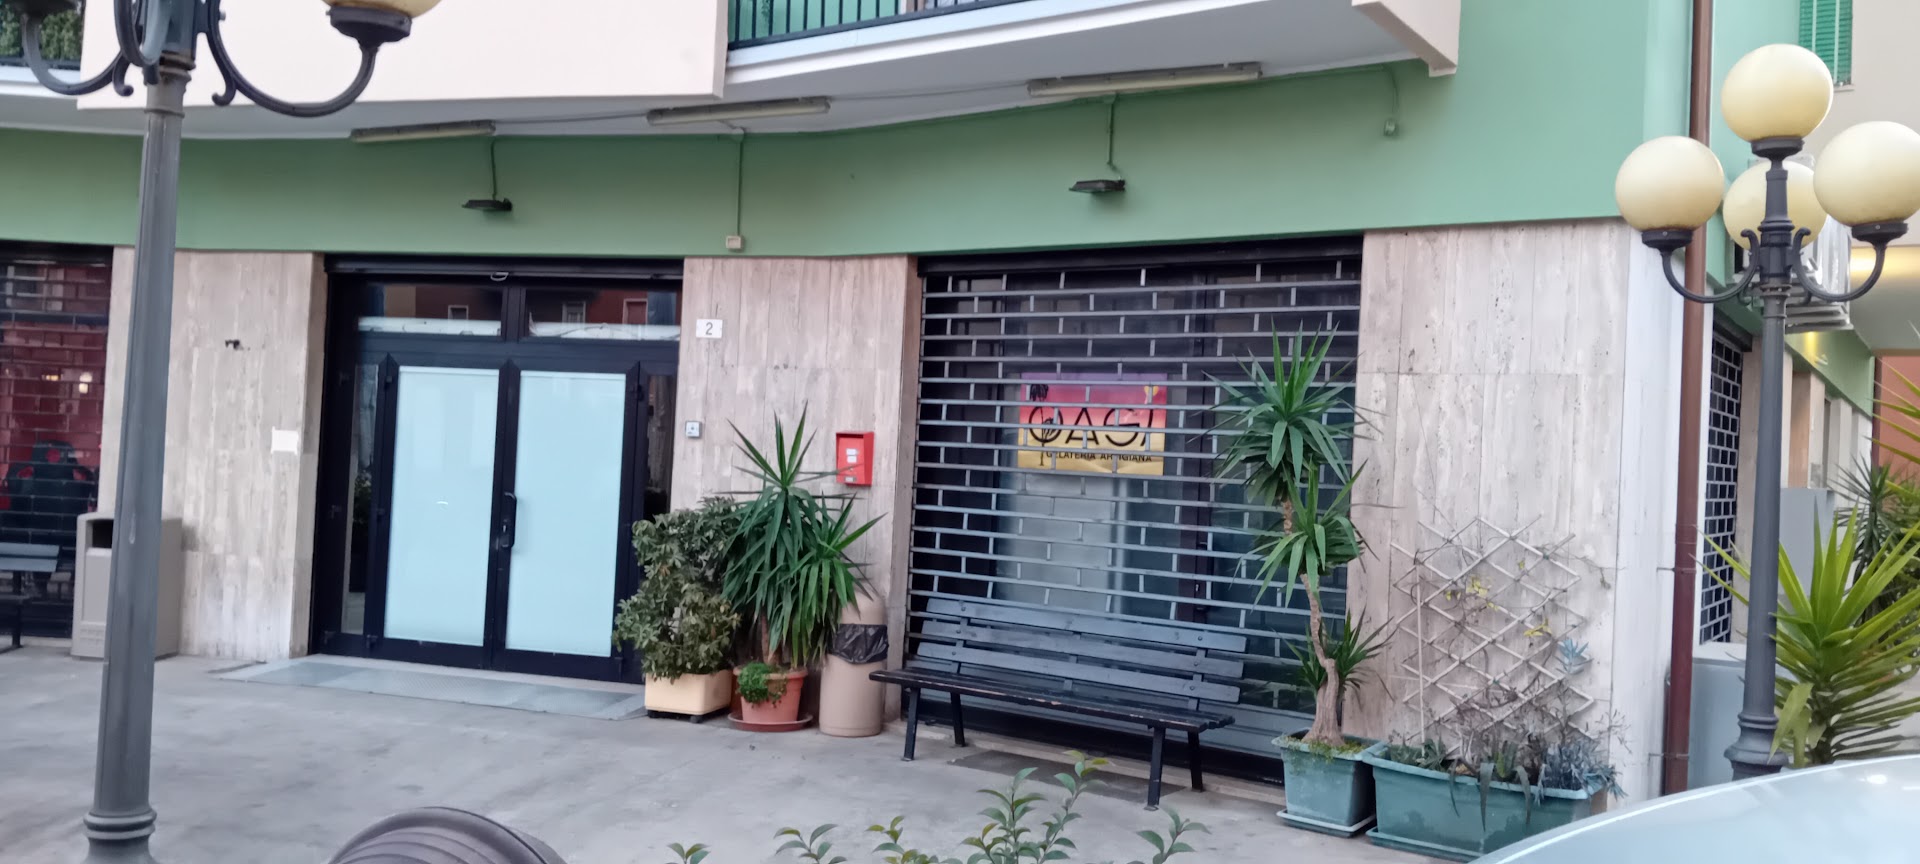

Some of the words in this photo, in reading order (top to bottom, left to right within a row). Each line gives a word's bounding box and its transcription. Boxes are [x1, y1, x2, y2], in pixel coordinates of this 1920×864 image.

[705, 321, 713, 336] 2
[1028, 405, 1154, 447] OASI
[1100, 452, 1153, 462] ARIGIANA
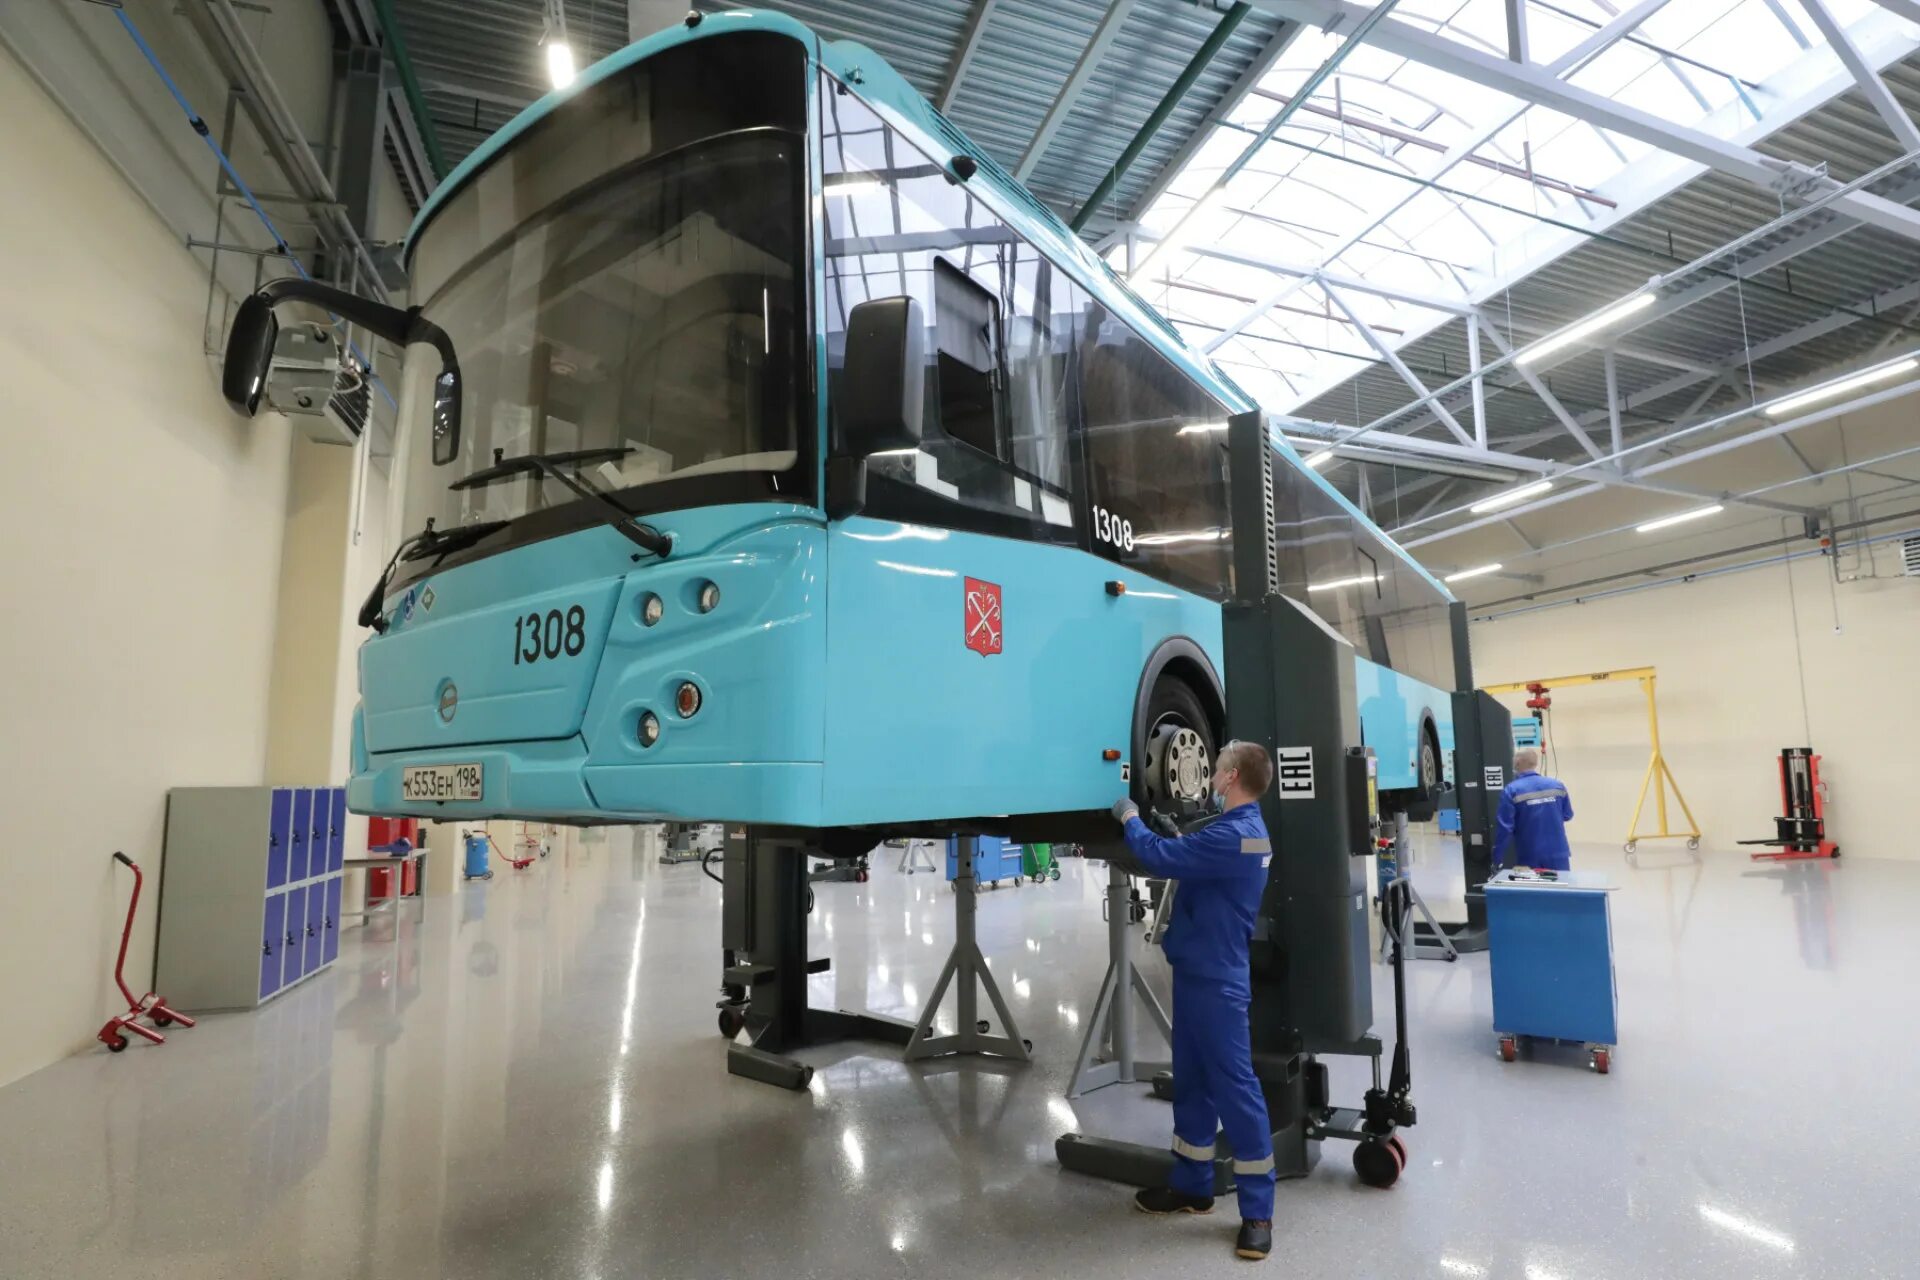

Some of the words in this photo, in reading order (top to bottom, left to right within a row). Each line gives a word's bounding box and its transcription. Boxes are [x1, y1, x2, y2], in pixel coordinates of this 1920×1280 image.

[1092, 504, 1134, 552] 1308
[514, 604, 586, 665] 1308
[456, 767, 477, 788] 198
[1280, 752, 1313, 792] EAC
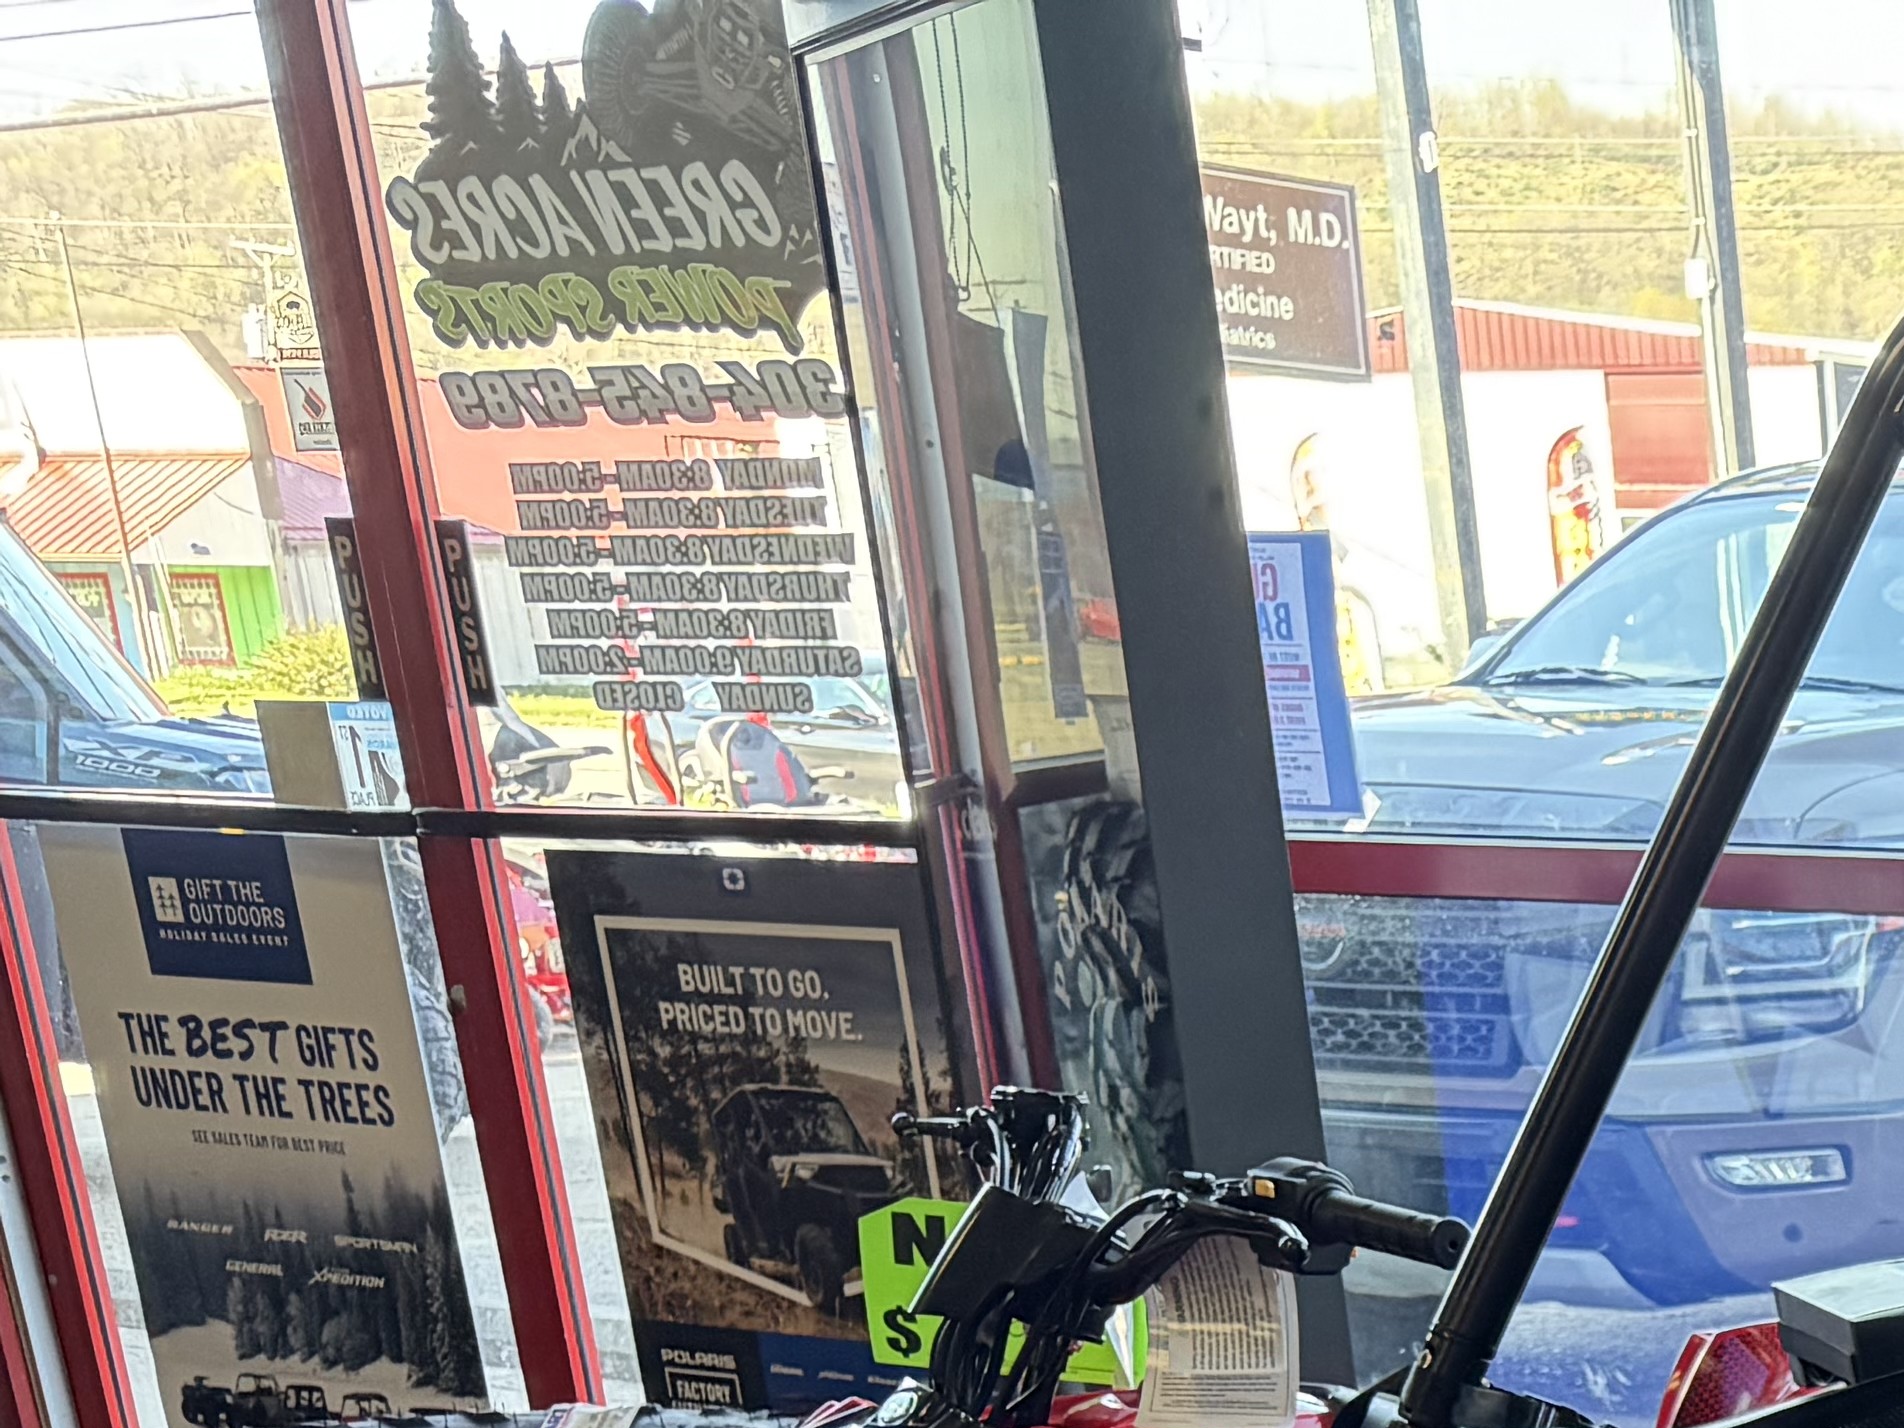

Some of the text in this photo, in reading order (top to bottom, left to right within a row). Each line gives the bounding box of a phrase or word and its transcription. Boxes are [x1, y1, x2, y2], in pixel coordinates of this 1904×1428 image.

[1286, 207, 1350, 249] M.D.
[1210, 245, 1276, 274] RTIFIED
[1216, 284, 1294, 321] edicine
[1220, 323, 1277, 350] iatrics
[333, 536, 378, 685] PUSH
[444, 538, 487, 690] PUSH
[75, 754, 161, 777] 1000
[184, 877, 264, 903] GIFT THE
[189, 903, 286, 929] OUTDOORS
[159, 929, 207, 942] HOLIDAY
[252, 934, 289, 947] EVENT
[677, 963, 744, 995] BUILT
[750, 966, 783, 997] TO
[658, 1001, 863, 1041] PRICED TO MOVE.
[118, 1012, 378, 1072] THE BEST GIFTS
[130, 1065, 395, 1127] UNDER THE TREES
[192, 1129, 209, 1144] SEE
[243, 1133, 270, 1149] TEAM
[271, 1135, 289, 1150] FOR
[291, 1137, 316, 1152] BEST
[318, 1139, 346, 1156] PRICE
[167, 1218, 234, 1236] RANGER
[225, 1259, 385, 1289] GENERAL XPEDITION
[661, 1348, 737, 1370] POLARIS
[676, 1381, 731, 1404] FACTORY
● ● ● ● ●
Generate a word-for-word copy of the preceding records, excluding all pictures.

Your solution:
Some of the words in this photo, in reading order (top to bottom, left to right within a row). Each line gives a word's bounding box and its transcription. Boxes are [x1, y1, x2, y2], in pixel coordinates of this 1920×864 image.

[705, 321, 713, 336] 2
[1028, 405, 1154, 447] OASI
[1100, 452, 1153, 462] ARIGIANA

Some of the words in this photo, in reading order (top to bottom, left to right within a row). Each line gives a word's bounding box and its transcription. Boxes are [x1, y1, x2, y2], in pixel coordinates of this 1920×1280 image.

[1092, 504, 1134, 552] 1308
[514, 604, 586, 665] 1308
[456, 767, 477, 788] 198
[1280, 752, 1313, 792] EAC

Some of the text in this photo, in reading order (top to bottom, left to right within a row). Each line gives the bounding box of a phrase or word and its transcription. Boxes are [x1, y1, x2, y2], in pixel coordinates of this 1904×1428 image.

[1286, 207, 1350, 249] M.D.
[1210, 245, 1276, 274] RTIFIED
[1216, 284, 1294, 321] edicine
[1220, 323, 1277, 350] iatrics
[333, 536, 378, 685] PUSH
[444, 538, 487, 690] PUSH
[75, 754, 161, 777] 1000
[184, 877, 264, 903] GIFT THE
[189, 903, 286, 929] OUTDOORS
[159, 929, 207, 942] HOLIDAY
[252, 934, 289, 947] EVENT
[677, 963, 744, 995] BUILT
[750, 966, 783, 997] TO
[658, 1001, 863, 1041] PRICED TO MOVE.
[118, 1012, 378, 1072] THE BEST GIFTS
[130, 1065, 395, 1127] UNDER THE TREES
[192, 1129, 209, 1144] SEE
[243, 1133, 270, 1149] TEAM
[271, 1135, 289, 1150] FOR
[291, 1137, 316, 1152] BEST
[318, 1139, 346, 1156] PRICE
[167, 1218, 234, 1236] RANGER
[225, 1259, 385, 1289] GENERAL XPEDITION
[661, 1348, 737, 1370] POLARIS
[676, 1381, 731, 1404] FACTORY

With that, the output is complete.